70      En outre et à l’instar de l’EUIPO, la différence conceptuelle, qui concerne uniquement une partie de la marque antérieure, ne saurait neutraliser les similitudes entre les signes en cause et ne saurait non plus remettre en cause l’appréciation globale du risque de confusion.

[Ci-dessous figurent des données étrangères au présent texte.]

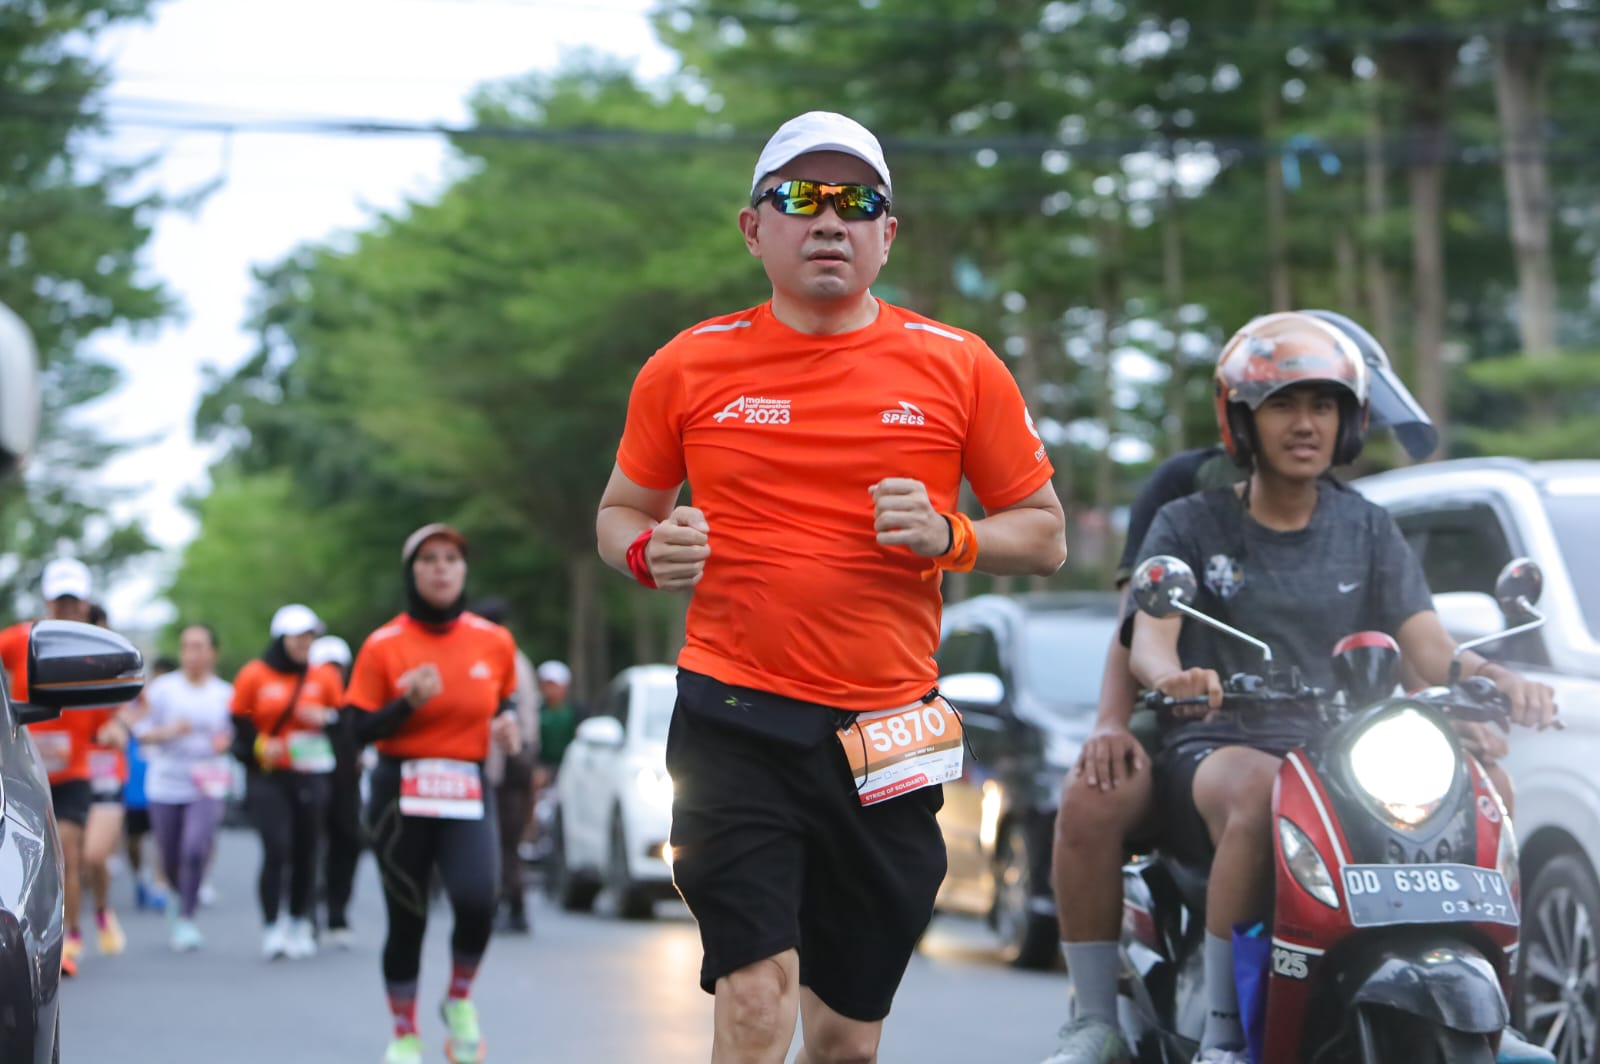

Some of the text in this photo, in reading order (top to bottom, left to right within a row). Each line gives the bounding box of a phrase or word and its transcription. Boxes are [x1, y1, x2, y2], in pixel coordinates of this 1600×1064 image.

71      À cet égard, comme le fait valoir à juste titre l’EUIPO, la chambre de recours a admis que pour une partie du public pertinent le préfixe « terra » de la marque antérieure pouvait être perçu comme ayant une signification. Pourtant, il n’en demeure pas moins qu’une autre partie du public pertinent ne le comprendra pas, ce que la requérante ne conteste pas. Dès lors, les arguments de la requérante ne sauraient remettre en cause l’existence d’un risque de confusion pour cette partie du public qui ne comprendra pas le préfixe « terra », étant donné que, en application d’une jurisprudence constante, pour refuser l’enregistrement d’une marque de l’Union européenne, il suffit qu’un motif relatif de refus au sens de l’article 8, paragraphe 1, sous b), du règlement 2017/1001 existe dans une partie de l’Union (voir, en ce sens, arrêt du 14 décembre 2006, VENADO avec cadre e.a., T‑81/03, T‑82/03 et T‑103/03, EU:T:2006:397, point 76 et jurisprudence citée).

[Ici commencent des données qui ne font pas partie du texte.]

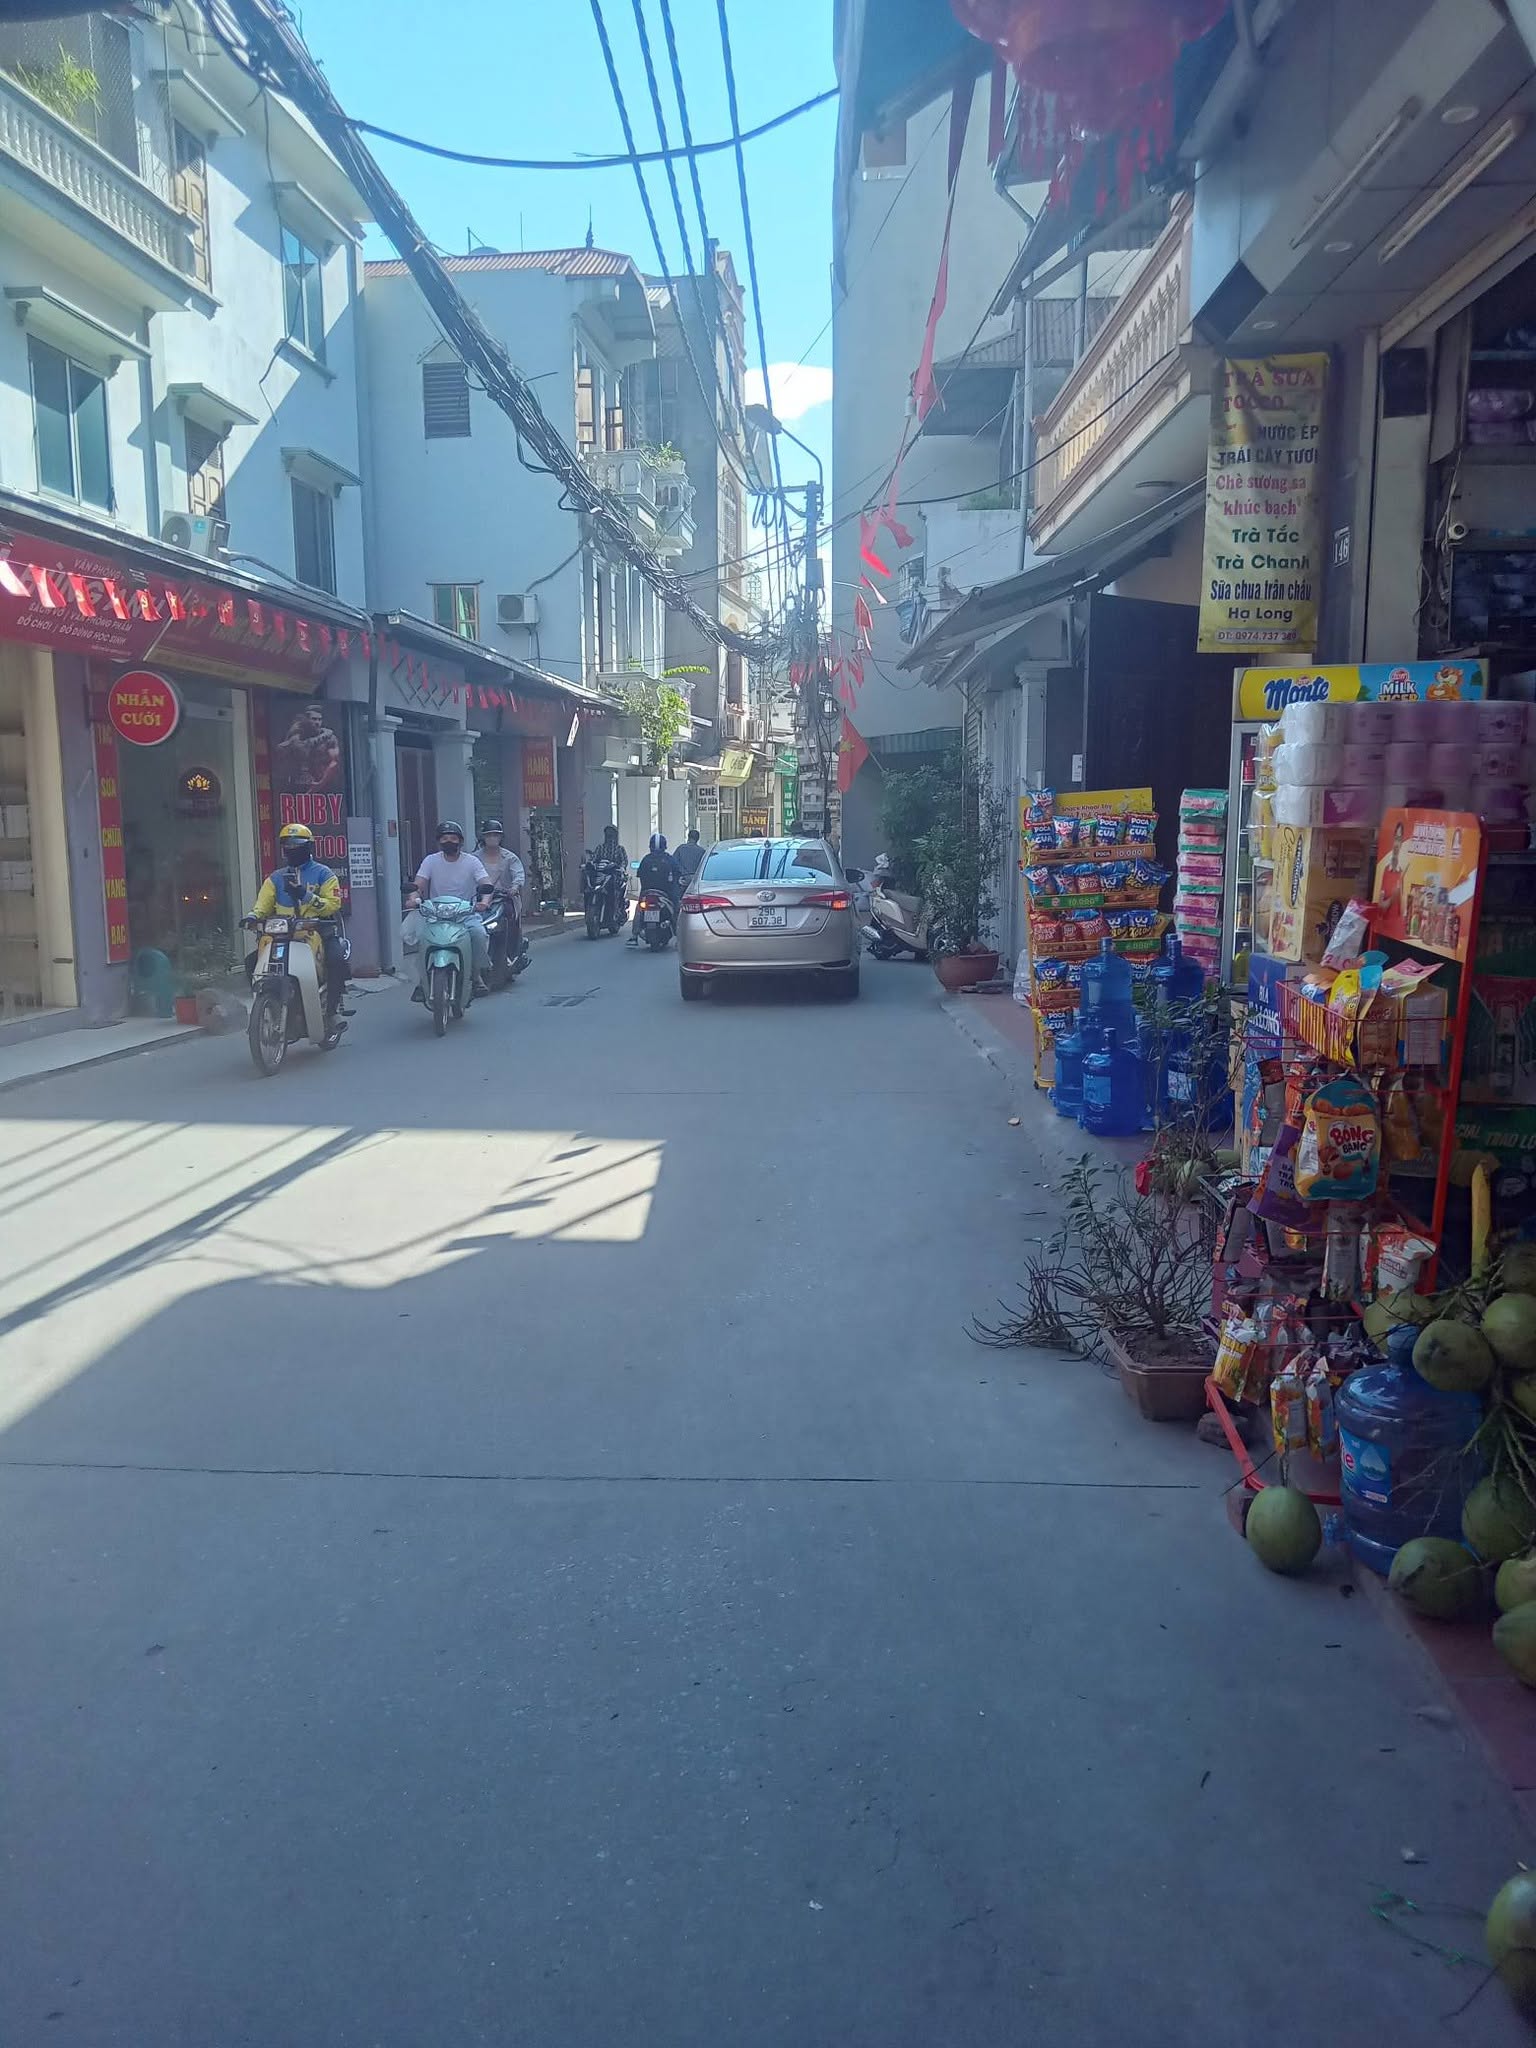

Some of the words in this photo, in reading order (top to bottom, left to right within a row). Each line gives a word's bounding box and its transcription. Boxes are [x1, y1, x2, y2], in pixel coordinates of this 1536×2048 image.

72      Deuxièmement, s’agissant de l’argument de la requérante selon lequel le fait que les terminaisons « ene » des marques en conflit sont identiques n’est pas pertinent, puisqu’elles sont courantes dans le secteur concerné, il suffit de relever que, conformément à la jurisprudence citée au point 65 ci-dessus, l’appréciation globale du risque de confusion doit porter sur les signes dans leur ensemble.

73      Troisièmement, il convient de rejeter l’argument de la requérante qui conteste l’appréciation globale du risque de confusion effectuée par la chambre de recours, en invoquant à la fois le fait que les clients des marques en conflit sont des professionnels et que les produits en cause diffèrent dans leurs propriétés mécaniques et thermiques.

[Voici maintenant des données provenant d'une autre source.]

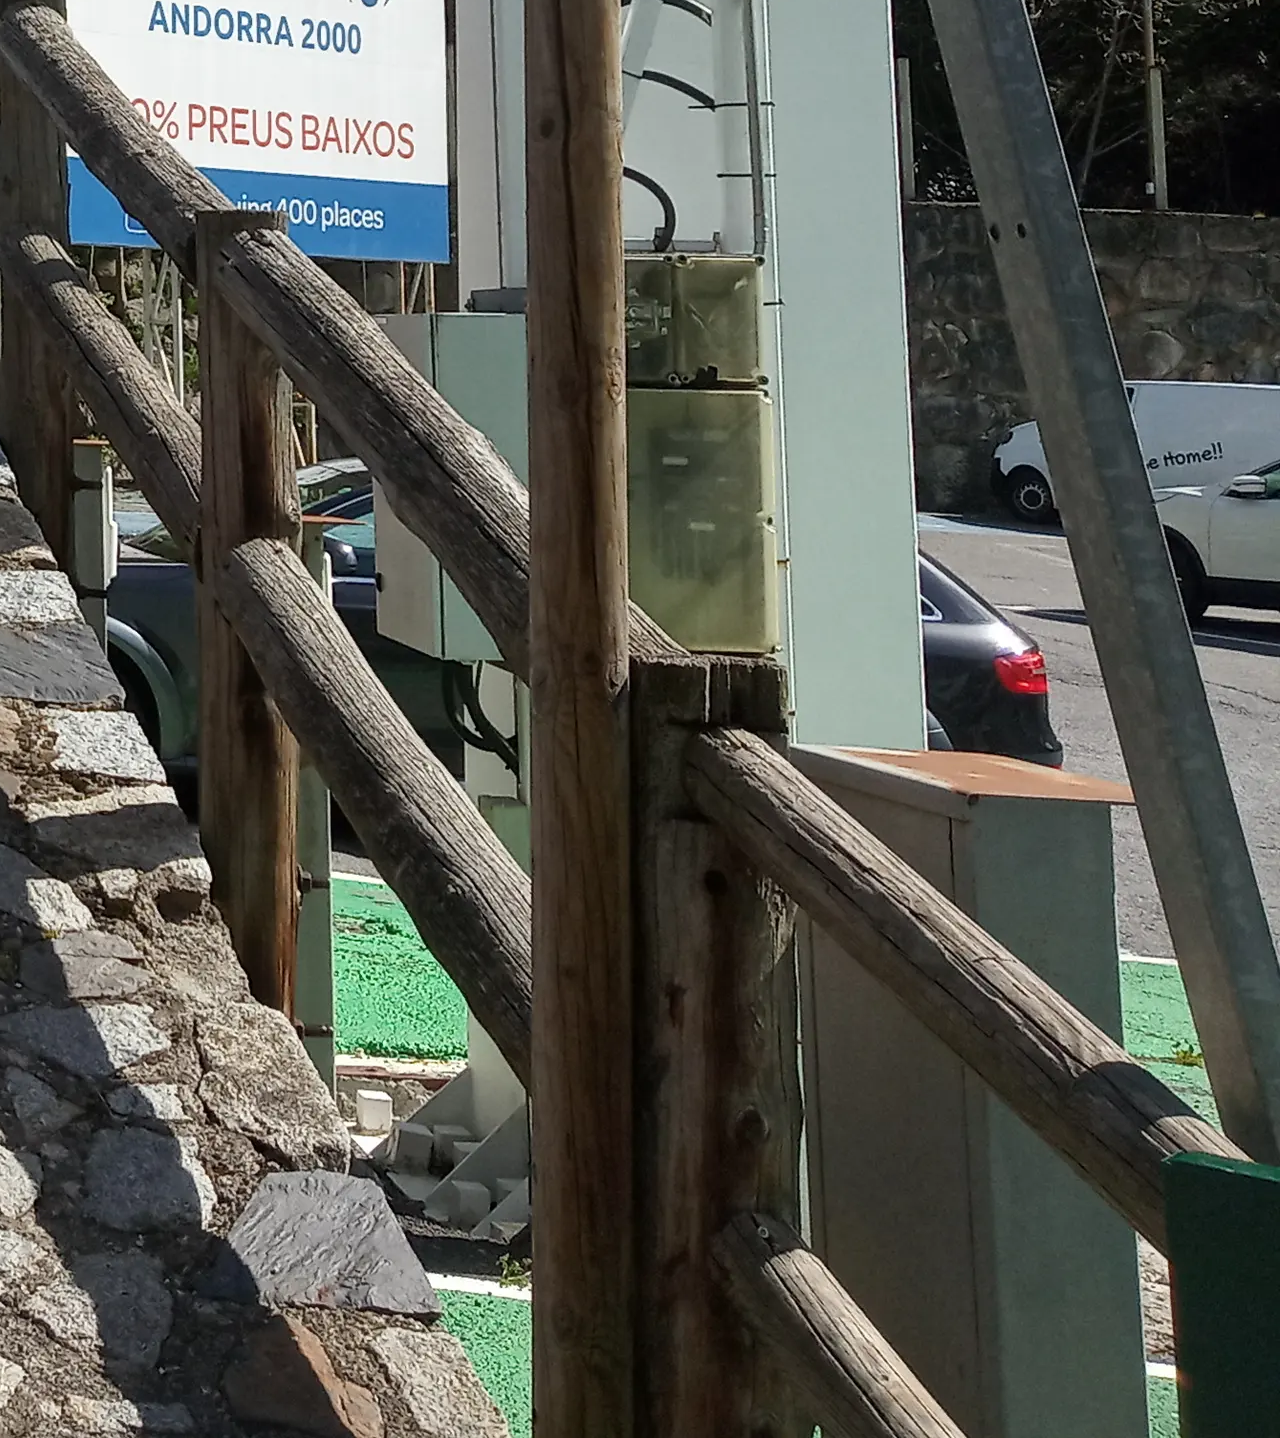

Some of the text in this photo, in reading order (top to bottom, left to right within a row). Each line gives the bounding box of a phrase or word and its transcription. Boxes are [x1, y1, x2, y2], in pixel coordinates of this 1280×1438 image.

[148, 0, 362, 55] ANDORRA 2000
[187, 102, 294, 150] PREUS
[301, 113, 415, 160] BAIXOS
[320, 199, 385, 233] places

74      À cet égard, selon une jurisprudence constante, dans l’hypothèse où le niveau d’attention du public pertinent varie de moyen à élevé, comme en l’espèce, le public ayant le niveau d’attention le moins élevé doit être pris en considération [voir arrêt du 20 mai 2014, Argo Group International Holdings/OHMI – Arisa Assurances (ARIS), T‑247/12, EU:T:2014:258, points 27 et 28 et jurisprudence citée]. Les arguments de la requérante concernant le public professionnel sont ainsi inopérants. En outre, il convient de constater que les produits couverts par les marques en conflit sont identiques, sans aucune précision de leur qualités mécaniques et thermiques.

75      Par conséquent, il résulte de ce qui précède qu’il y a lieu de rejeter le premier moyen, tiré de la violation de l’article 8, paragraphe 1, sous b), du règlement 2017/1001, comme étant non fondé et, partant, le recours dans son ensemble.

 Sur les dépens

76      Aux termes de l’article 134, paragraphe 1, du règlement de procédure du Tribunal, toute partie qui succombe est condamnée aux dépens, s’il est conclu en ce sens.

77      La requérante ayant succombé, il y a lieu de la condamner aux dépens, conformément aux conclusions de l’EUIPO et de l’intervenante.

Par ces motifs,

LE TRIBUNAL (huitième chambre)

déclare et arrête :

1)      Le recours est rejeté.

2)      Nurel, SA est condamnée aux dépens.

Kornezov

De Baere

Kecsmár

Ainsi prononcé en audience publique à Luxembourg, le 12 juillet 2023.

Signatures


*      Langue de procédure : l’anglais.